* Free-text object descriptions
########################################
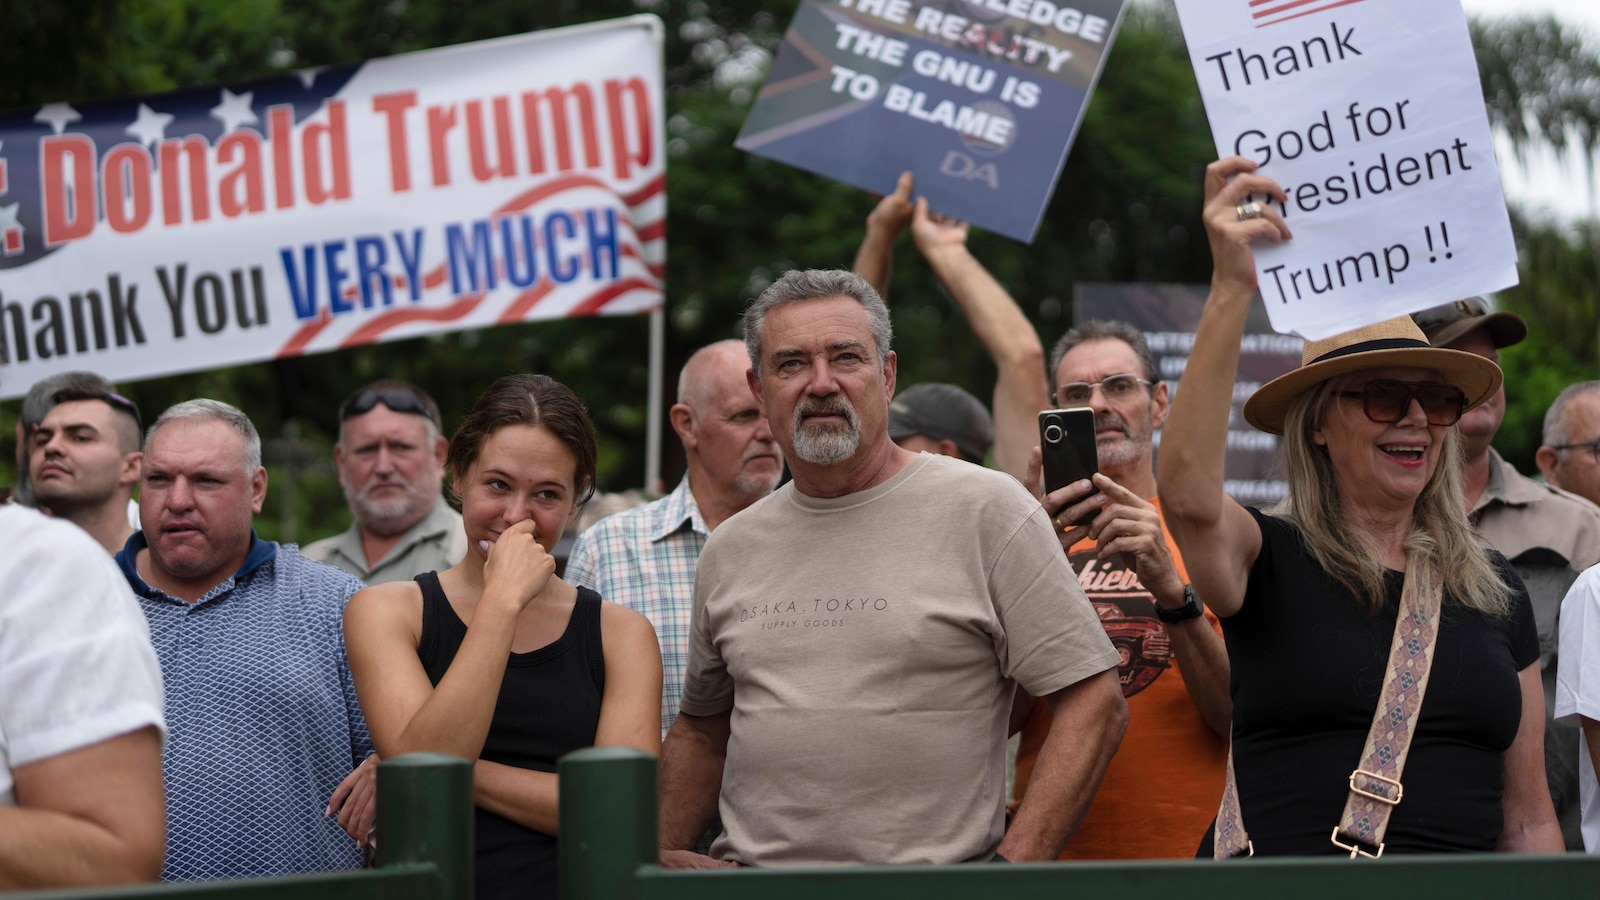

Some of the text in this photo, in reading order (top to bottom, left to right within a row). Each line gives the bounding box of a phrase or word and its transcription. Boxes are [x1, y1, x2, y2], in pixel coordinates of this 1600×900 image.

[835, 23, 1042, 108] THE GNU IS
[914, 6, 1073, 72] REALITY
[1205, 22, 1362, 91] Thank
[831, 66, 1014, 146] TO BLAME
[1234, 99, 1409, 168] God for
[41, 100, 351, 246] Donald
[373, 75, 651, 193] Trump
[939, 150, 998, 190] DA
[1247, 138, 1472, 217] resident
[0, 208, 620, 365] hank You VERY MUCH
[1263, 221, 1453, 304] Trump !!
[760, 619, 845, 630] SUPPLY GOODS
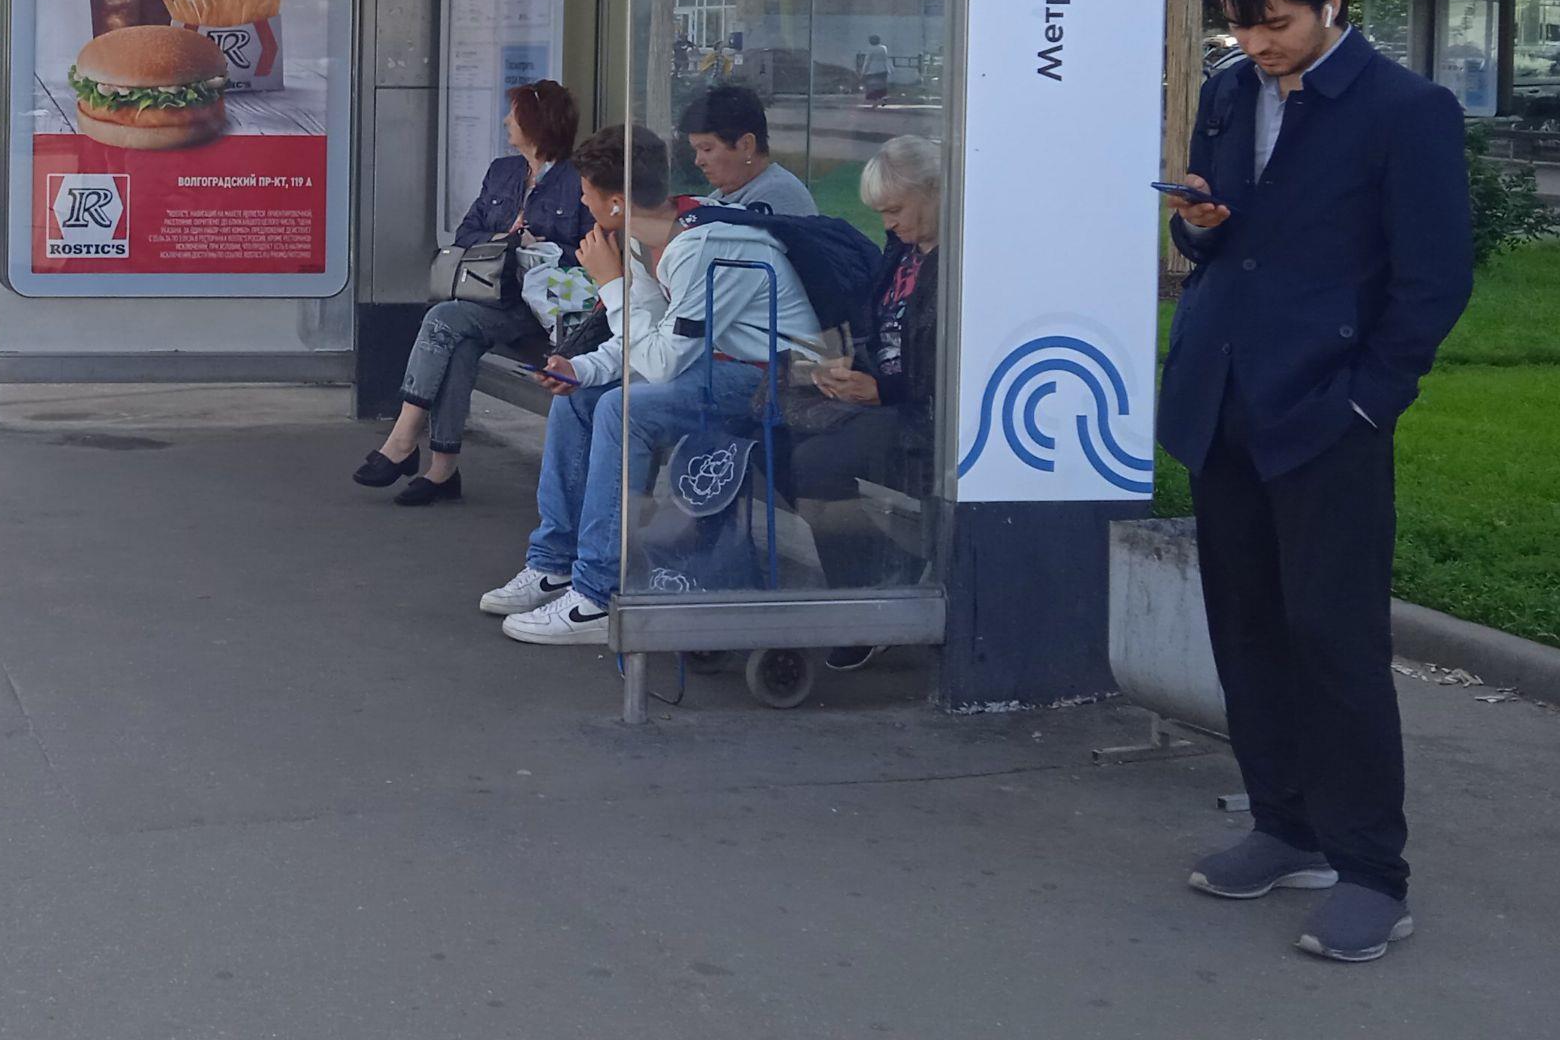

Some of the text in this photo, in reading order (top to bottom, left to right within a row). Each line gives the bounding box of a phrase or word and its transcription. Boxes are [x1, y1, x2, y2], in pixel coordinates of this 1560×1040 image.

[177, 173, 313, 189] ВОЛГОГРАДСКИЙ ПР-КТ, 119 А
[49, 243, 126, 255] ROSTIC'S
########################################
Full transcription without images: please go through the records and repeat them exactly.

Some of the text in this photo, in reading order (top to bottom, left to right within a row). Each line gives the bounding box of a phrase or word and its transcription. Boxes are [x1, y1, x2, y2], in pixel coordinates of this 1600×900 image.

[835, 23, 1042, 108] THE GNU IS
[914, 6, 1073, 72] REALITY
[1205, 22, 1362, 91] Thank
[831, 66, 1014, 146] TO BLAME
[1234, 99, 1409, 168] God for
[41, 100, 351, 246] Donald
[373, 75, 651, 193] Trump
[939, 150, 998, 190] DA
[1247, 138, 1472, 217] resident
[0, 208, 620, 365] hank You VERY MUCH
[1263, 221, 1453, 304] Trump !!
[760, 619, 845, 630] SUPPLY GOODS

Some of the text in this photo, in reading order (top to bottom, left to right within a row). Each line gives the bounding box of a phrase or word and its transcription. Boxes are [x1, y1, x2, y2], in pixel coordinates of this 1560×1040 image.

[177, 173, 313, 189] ВОЛГОГРАДСКИЙ ПР-КТ, 119 А
[49, 243, 126, 255] ROSTIC'S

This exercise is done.